Saved data entries
▬▬▬
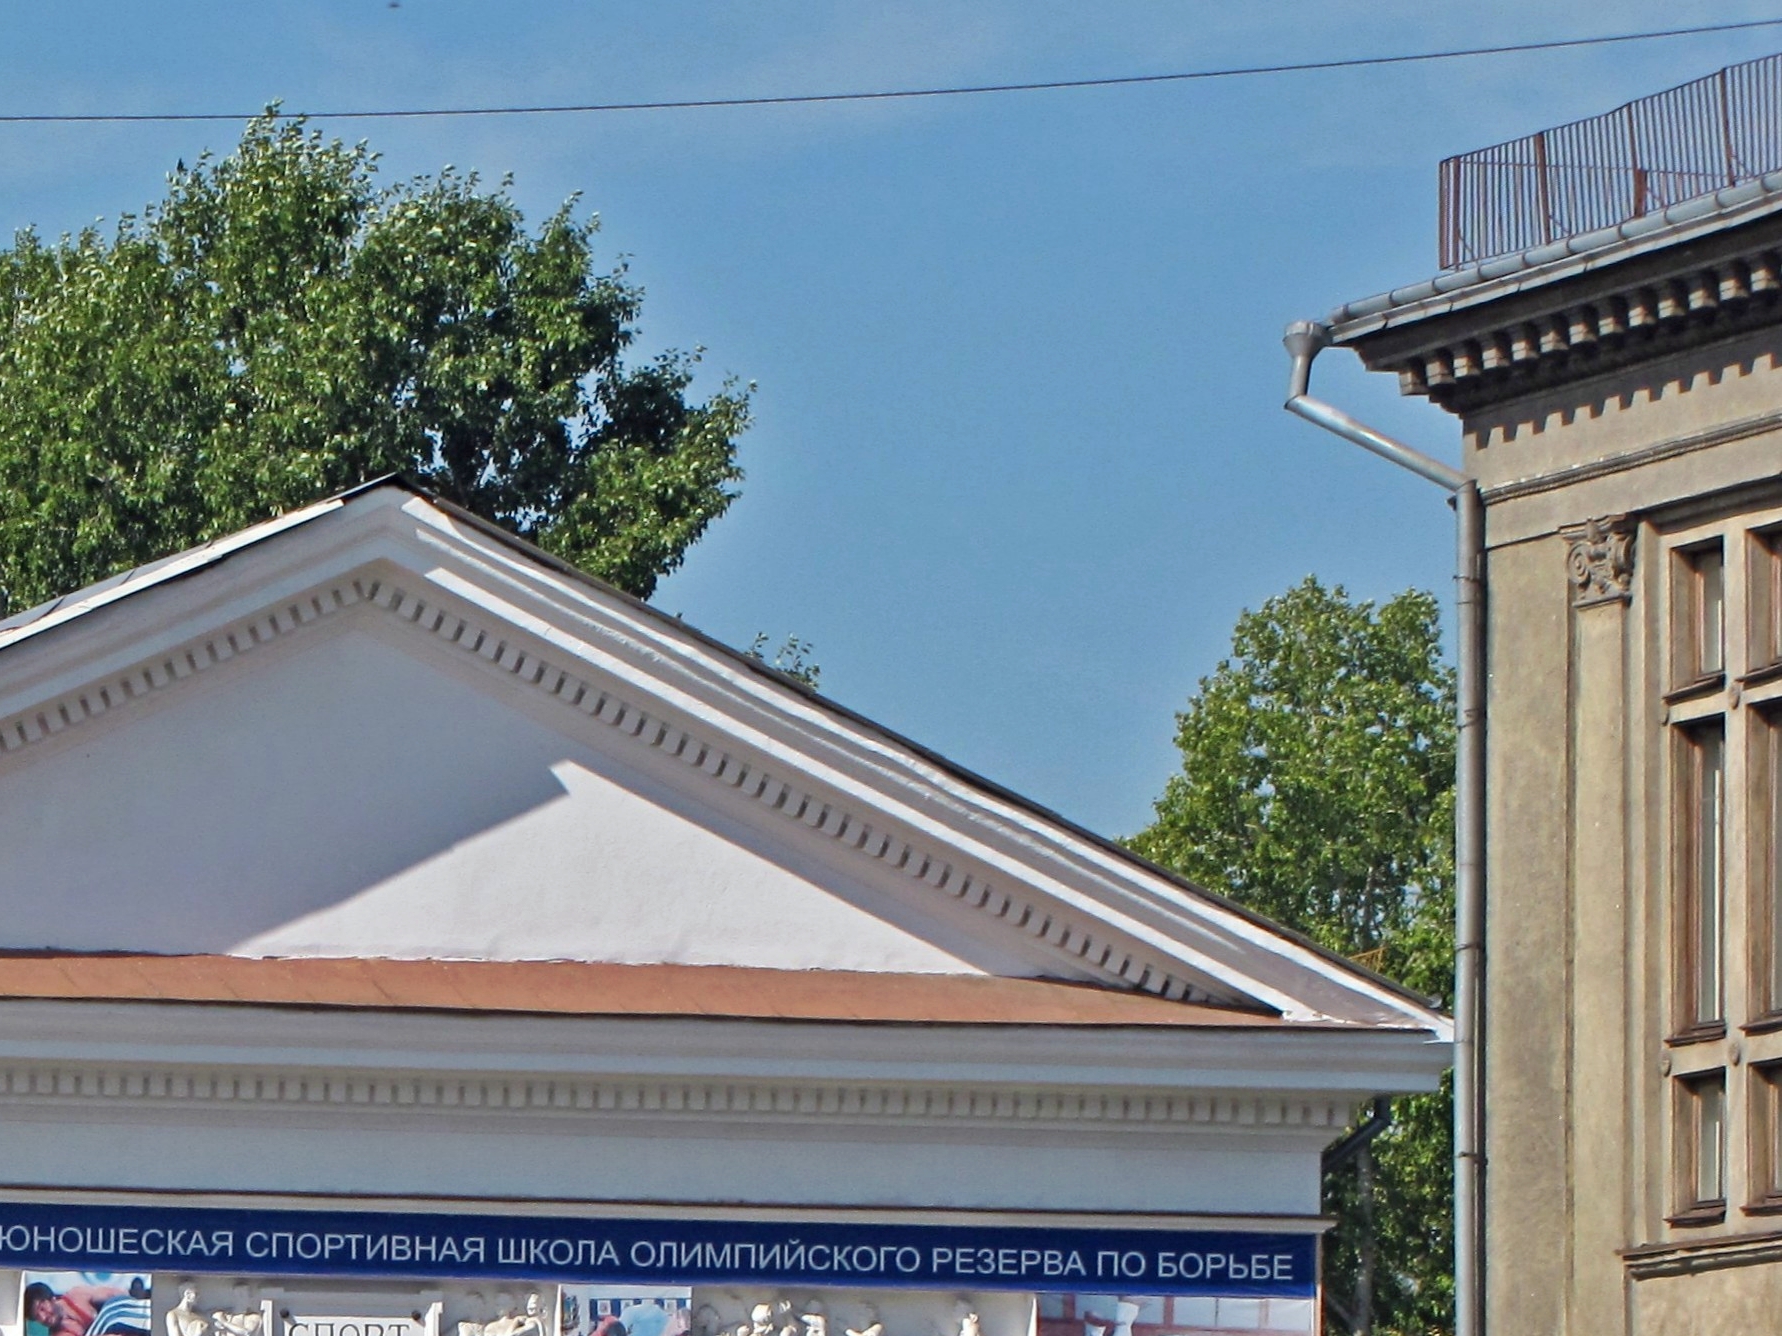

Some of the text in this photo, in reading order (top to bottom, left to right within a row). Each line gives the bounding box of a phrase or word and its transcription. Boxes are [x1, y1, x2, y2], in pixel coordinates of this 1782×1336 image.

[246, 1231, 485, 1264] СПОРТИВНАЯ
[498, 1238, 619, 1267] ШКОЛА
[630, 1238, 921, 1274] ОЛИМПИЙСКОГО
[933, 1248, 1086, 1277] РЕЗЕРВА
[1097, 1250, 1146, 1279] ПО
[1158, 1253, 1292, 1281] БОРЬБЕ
▬▬▬
AIM OF THE EXERCISE » Please repeat every record above exactly, but leave out the pictures.

SOLUTION BELOW »
Some of the text in this photo, in reading order (top to bottom, left to right within a row). Each line gives the bounding box of a phrase or word and its transcription. Boxes are [x1, y1, x2, y2], in pixel coordinates of this 1782×1336 image.

[246, 1231, 485, 1264] СПОРТИВНАЯ
[498, 1238, 619, 1267] ШКОЛА
[630, 1238, 921, 1274] ОЛИМПИЙСКОГО
[933, 1248, 1086, 1277] РЕЗЕРВА
[1097, 1250, 1146, 1279] ПО
[1158, 1253, 1292, 1281] БОРЬБЕ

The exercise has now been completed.